Enough with the Data Tables

There’s a new restaurant coming to town.

A Big Hit

Everything on the menu will be curated by a well-known chef. It touts fresh, high-quality ingredients and impeccable service. To make it even better, the restaurant claims it will bring your food out nearly as fast as your favorite fast food joint. With these factors in place, you know that this restaurant will be a big hit, so you make a reservation for opening night.

You get there and the excitement builds. Everything on the menu sounds delicious. You go through the list and, after a few minutes of alternating joy and trepidation (since you can only order one of these stellar options), you make your selection. Now you wait for the meal to arrive. As advertised, the food arrives within minutes of your order. The server places everything in front of you…and disappointment washes over your face.

Instead of serving you a well-prepared meal, the server places the individual ingredients for your meal on your table. You shoot the server a questioning look but it’s clear, you are on your own now.

You do your best and follow the provided instructions but you can’t quite get things right. You season your food unevenly. The stove temperature is a bit too high and you cook your chicken a little too long. At the end of the meal you complain. This is not the experience you were hoping for. The chef comes out and says, ‘You have everything you need for a world-class meal. You are the one that messed this up.’

Yes, this is a far-fetched tale. No restaurant would ever do this. You don’t go to a 5-star restaurant to prepare your own meal. So why do product designers do this to their customers all the time? Why do we expect our users to filter, sort, and manipulate their own data to make decisions? We need to rethink how we use data tables.

The Proliferation of Data Tables

Data is important. For many systems, it is the basis for everything we do. People cannot make decisions effectively without it. But as we see from the restaurant example, simply shoving data into a table and making your users do all the work does not make for a well-designed system.

There are four scenarios that address 99% of cases involving data: 1) The user needs to understand the data set (as a whole or in subsets), 2) the user needs to compare parts of the data, 3) the user needs to find interesting data points to explore further, and 4) the user needs to find a specific data point. Having a large data list doesn’t by itself help with any of these.

So why are data tables everywhere? Because they’re easy.
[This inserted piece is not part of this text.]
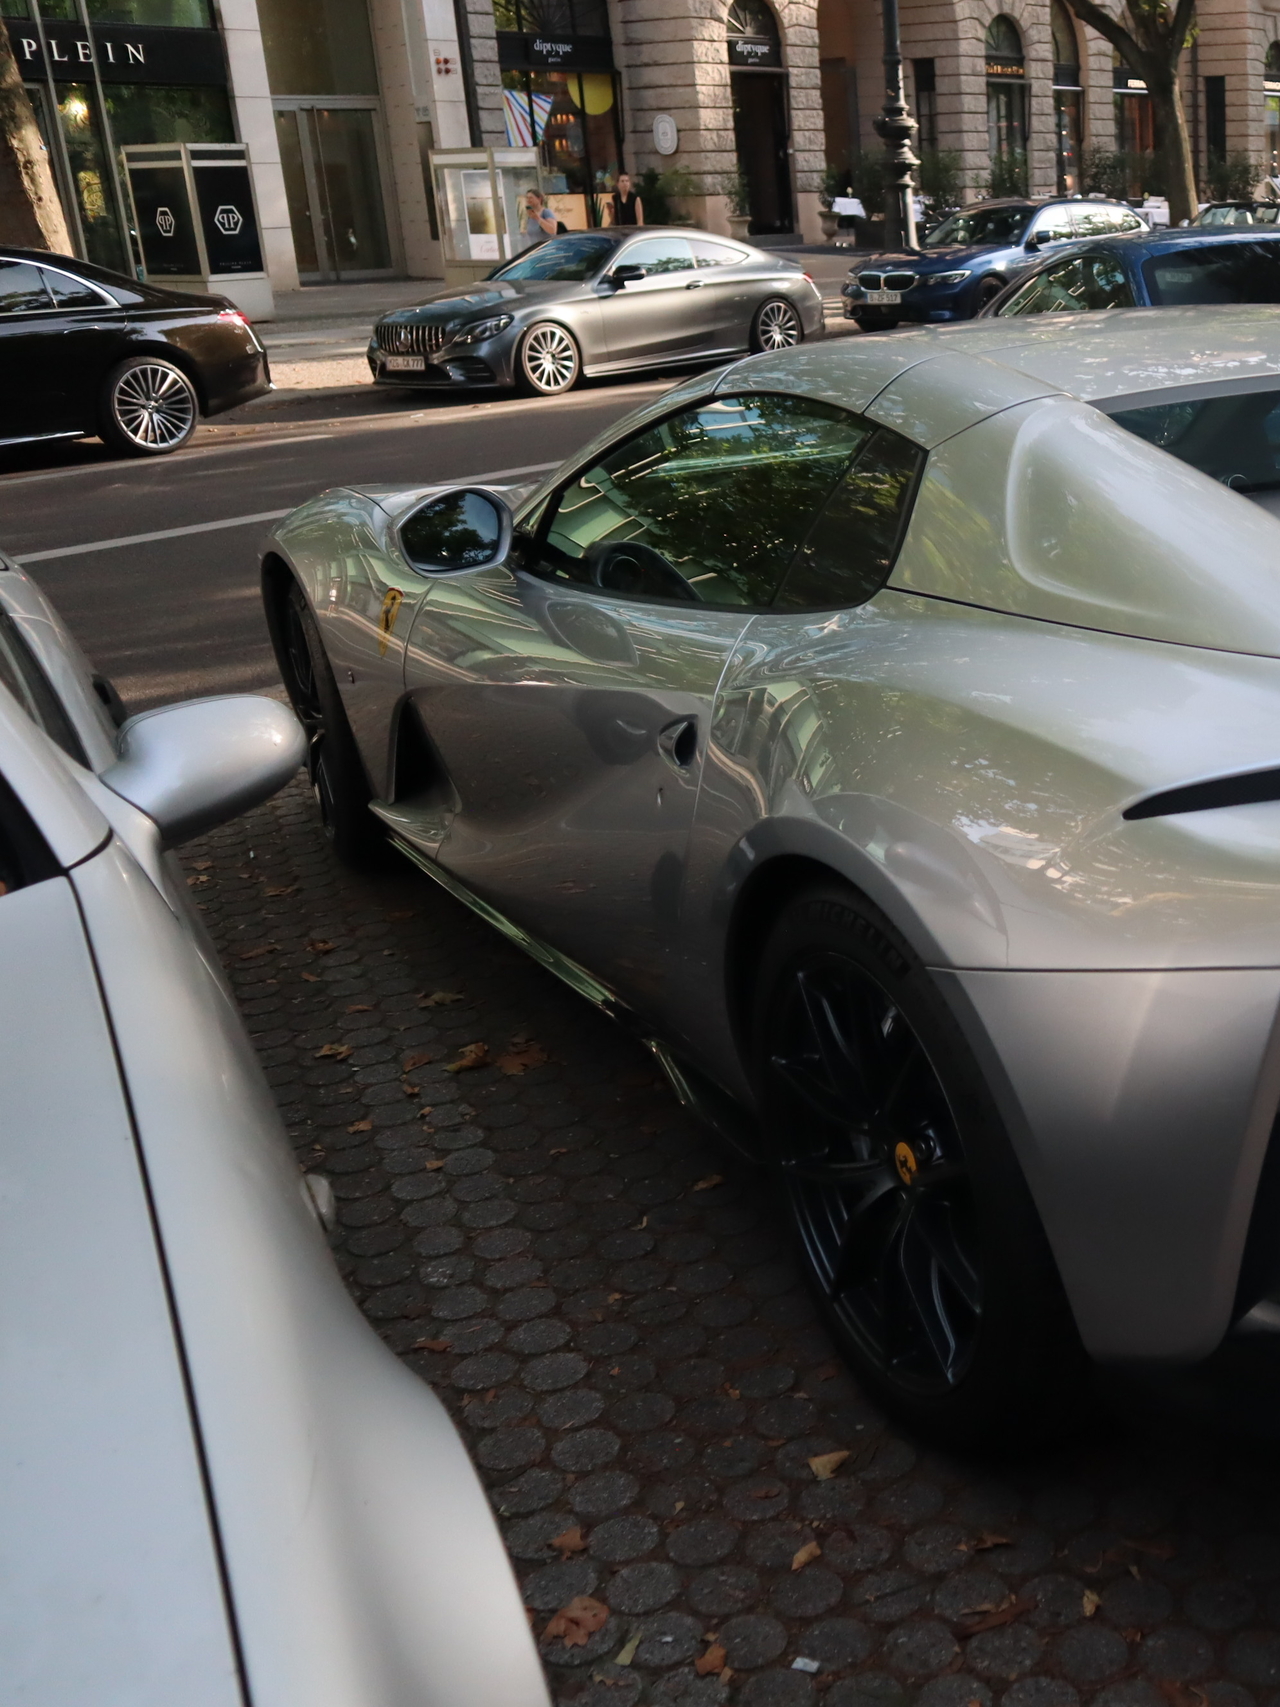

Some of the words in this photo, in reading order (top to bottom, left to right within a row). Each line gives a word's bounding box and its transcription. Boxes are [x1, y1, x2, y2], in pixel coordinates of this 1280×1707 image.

[20, 38, 146, 64] PLEIN
[533, 39, 573, 55] diptyque
[735, 40, 769, 56] diptyque
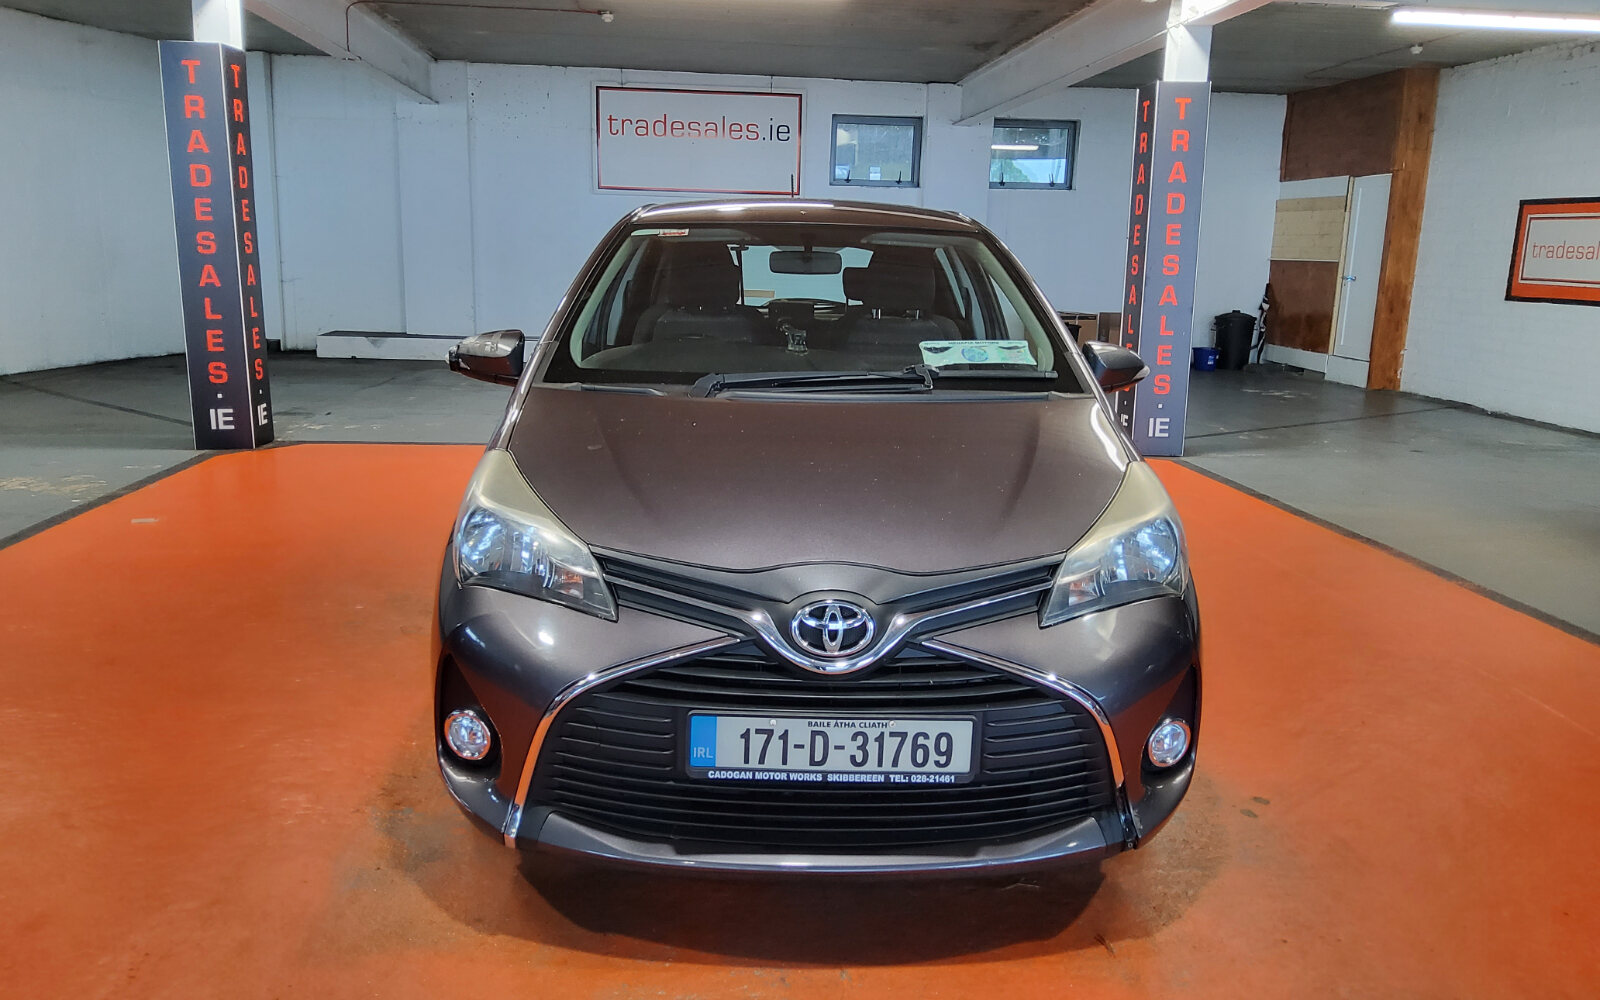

It’s easy for a developer to create an API and show that the desired data is coming back — usually in a data table reflecting how the data is structured in the database. Unfortunately, as Alan Cooper points out in “The Inmates are Running the Asylum”, once something is prototyped out to prove effective, it becomes very difficult to throw that away. People see the data is there and the work has been done and the time pressures dictate that this will be all that ever gets designed for the interface. It also happens that since they are so commonly available, users will ask for these and demand that they are on the screen. It’s a never-ending cycle of sub-optimal design.

We as designers should know better. And yet too many products still rely on only data tables to tell their story. We use a lot of excuses to let this pattern proliferate. We tell ourselves that customers may want to tailor the data in unique ways and the table gives them that freedom. We add in filters, so that the user can limit the amount of data to a manageable size. We decide that any other solution will cause performance to be to slow and that we are doing it to provide a good experience with our product.